Connecting Kalamazoo College students with alumni has always been a key strategy for the Center for Career and Professional Development (CCPD).
As part of the center’s new strategic plan, which gives focus to uplifting historically underserved students, the mentoring approach has a new twist. Recognizing that these students face unique challenges in preparing for and entering the workforce, the CCPD aims to facilitate more mentoring based on shared identities and affinities.
The strength of that type of connection is clear to Michelle Fanroy ’88, vice president of the Alumni Association Engagement Board, member of the Kalamazoo College Board of Trustees, and founder and president of Access One Consulting, which provides leadership development, mentoring program design and diversity planning and training to corporations.
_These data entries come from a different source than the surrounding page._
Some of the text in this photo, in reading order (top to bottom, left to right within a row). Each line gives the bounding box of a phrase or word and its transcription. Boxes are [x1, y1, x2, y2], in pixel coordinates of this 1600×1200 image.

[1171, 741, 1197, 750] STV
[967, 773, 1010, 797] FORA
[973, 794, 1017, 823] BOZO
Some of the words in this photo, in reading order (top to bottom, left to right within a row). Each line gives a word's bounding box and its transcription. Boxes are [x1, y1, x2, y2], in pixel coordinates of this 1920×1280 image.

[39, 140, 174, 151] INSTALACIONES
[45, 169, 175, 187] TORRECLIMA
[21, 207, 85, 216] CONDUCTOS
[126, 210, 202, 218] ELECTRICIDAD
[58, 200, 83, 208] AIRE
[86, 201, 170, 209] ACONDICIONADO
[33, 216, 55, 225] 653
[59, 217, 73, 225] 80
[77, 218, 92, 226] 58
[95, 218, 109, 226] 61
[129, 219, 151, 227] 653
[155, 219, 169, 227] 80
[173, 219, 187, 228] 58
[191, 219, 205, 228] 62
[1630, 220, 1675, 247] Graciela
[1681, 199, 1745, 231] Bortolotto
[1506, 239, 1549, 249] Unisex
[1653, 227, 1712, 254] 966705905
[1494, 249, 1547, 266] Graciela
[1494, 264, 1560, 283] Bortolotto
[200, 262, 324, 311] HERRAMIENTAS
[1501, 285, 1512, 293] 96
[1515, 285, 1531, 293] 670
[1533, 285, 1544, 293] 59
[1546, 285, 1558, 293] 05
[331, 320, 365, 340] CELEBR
As a female, Black, middle-class, first-generation (her mother attended college but did not graduate) college student, Fanroy relied on mentors in the CCPD and on her own determination to find her way through academic, financial and workplace struggles. Now she delights in sharing her experiences and hard-won lessons with students who face similar challenges.
“I love coming back to campus,” Fanroy said. “I love talking to students, especially first-generation students, students of color and women. It’s so rewarding to help them find their way. I want them to feel they have someone who understands their experience.”
Fanroy has spoken on panels, visited with students at the Intercultural Center, participated in Amy MacMillan’s marketing class “Shark Tank” and more. She is quick to hand students her card, and promises that if they reach out to her, she will help in any way she can.
She recalls a time when a student called her because she needed a new computer to complete her schoolwork.
“She was African American, she was first generation, she was on financial aid, and she was struggling,” Fanroy said. “I said, ‘I was in a similar situation. They do short-term loans on campus; go to financial aid, tell them the situation.’ She called me a few days later; she’d gotten the loan, she’d gotten the computer, and she said, ‘I can’t thank you enough. I didn’t know what I was going to do.’ It’s little things like that, the struggles you had that might help somebody else. I was able to give her a resource when she felt like she was all by herself.”
Identity-based mentoring is one of many strategies the CCPD is employing to improve career mobility for underserved populations of students. To that end, the CCPD will be sending out interest forms to alumni to find out what identities and affinities they are willing to share in mentoring and advising relationships with students.
As someone who values what K brought to her life, Fanroy prioritizes paying it forward.
“If there’s ever a legacy that I want to have, it’s that I want to have made someone else’s experience a bit easier than mine,” Fanroy said. “I feel that I’m helping to do that and that gives me great joy.”